[[ Extracted entries, beginning ]]

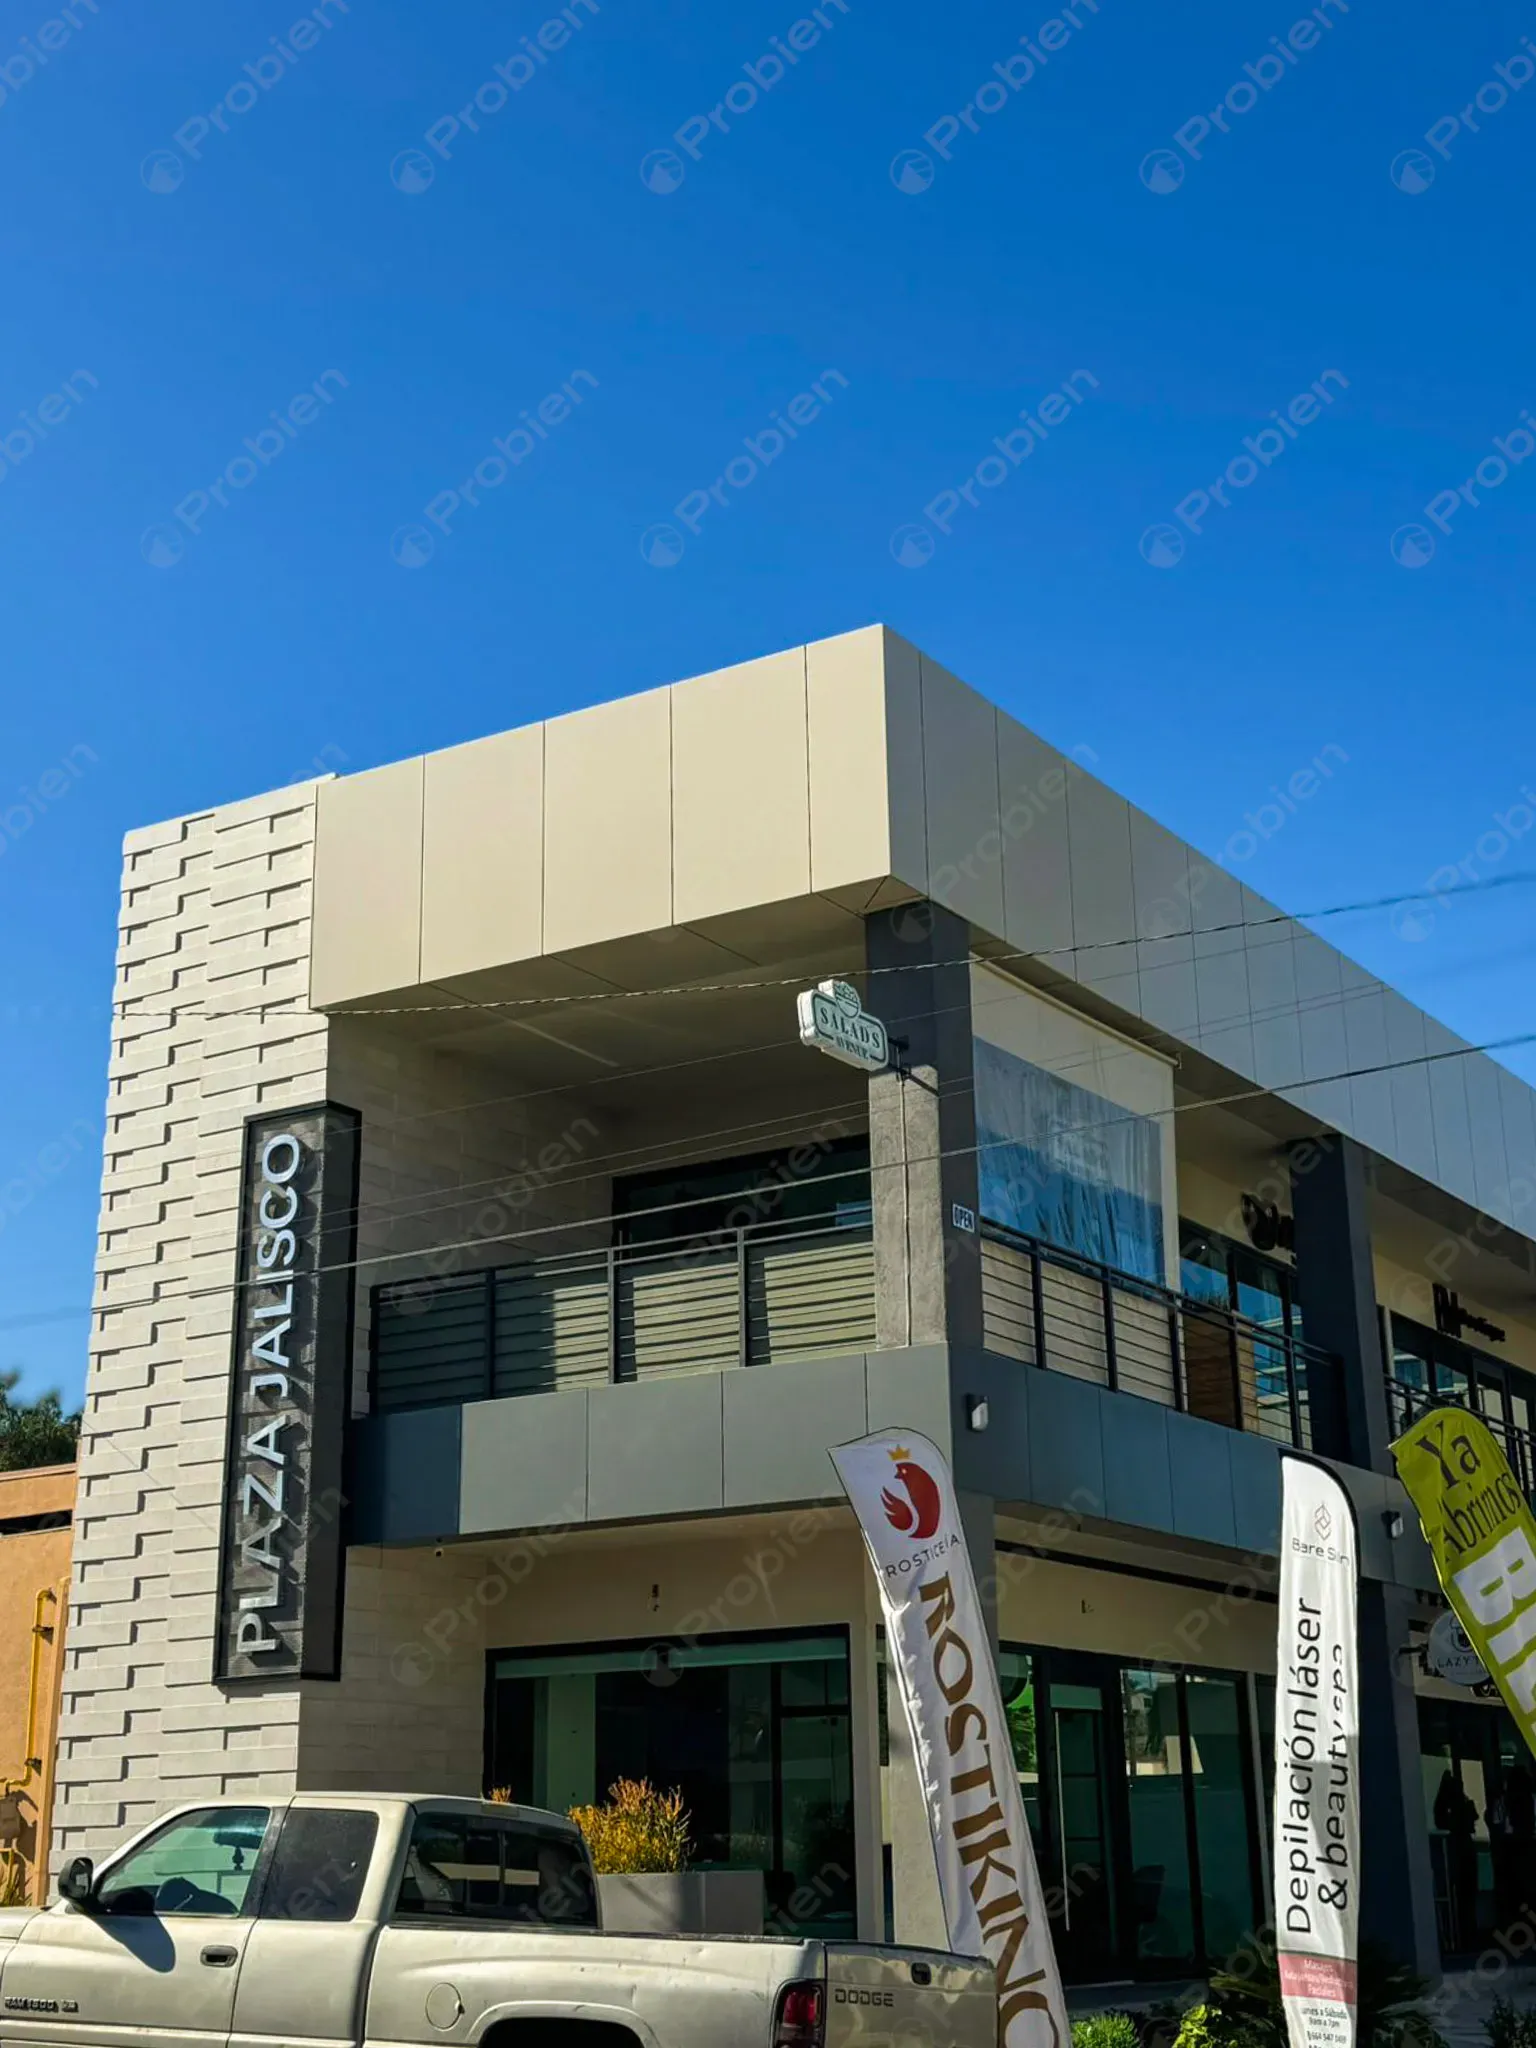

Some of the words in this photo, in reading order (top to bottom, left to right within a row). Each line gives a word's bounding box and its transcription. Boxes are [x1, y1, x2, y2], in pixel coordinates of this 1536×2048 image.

[820, 1007, 881, 1049] SALADS
[955, 1206, 973, 1230] OPEN
[249, 1132, 301, 1400] JALISCO
[1415, 1420, 1481, 1489] Ya
[236, 1415, 290, 1657] PLAZA
[1292, 1537, 1324, 1557] Bare
[1287, 1597, 1321, 1699] láser
[1282, 1709, 1317, 1933] Depilación
[1316, 1720, 1348, 1868] beauty
[1317, 1879, 1348, 1911] &
[835, 1988, 894, 2008] DODGE

[[ Extracted entries, end ]]

**Task directions**. Reproduce the entire listing exactly, but omit any pictures.

**Written answer**.
Some of the words in this photo, in reading order (top to bottom, left to right within a row). Each line gives a word's bounding box and its transcription. Boxes are [x1, y1, x2, y2], in pixel coordinates of this 1536×2048 image.

[820, 1007, 881, 1049] SALADS
[955, 1206, 973, 1230] OPEN
[249, 1132, 301, 1400] JALISCO
[1415, 1420, 1481, 1489] Ya
[236, 1415, 290, 1657] PLAZA
[1292, 1537, 1324, 1557] Bare
[1287, 1597, 1321, 1699] láser
[1282, 1709, 1317, 1933] Depilación
[1316, 1720, 1348, 1868] beauty
[1317, 1879, 1348, 1911] &
[835, 1988, 894, 2008] DODGE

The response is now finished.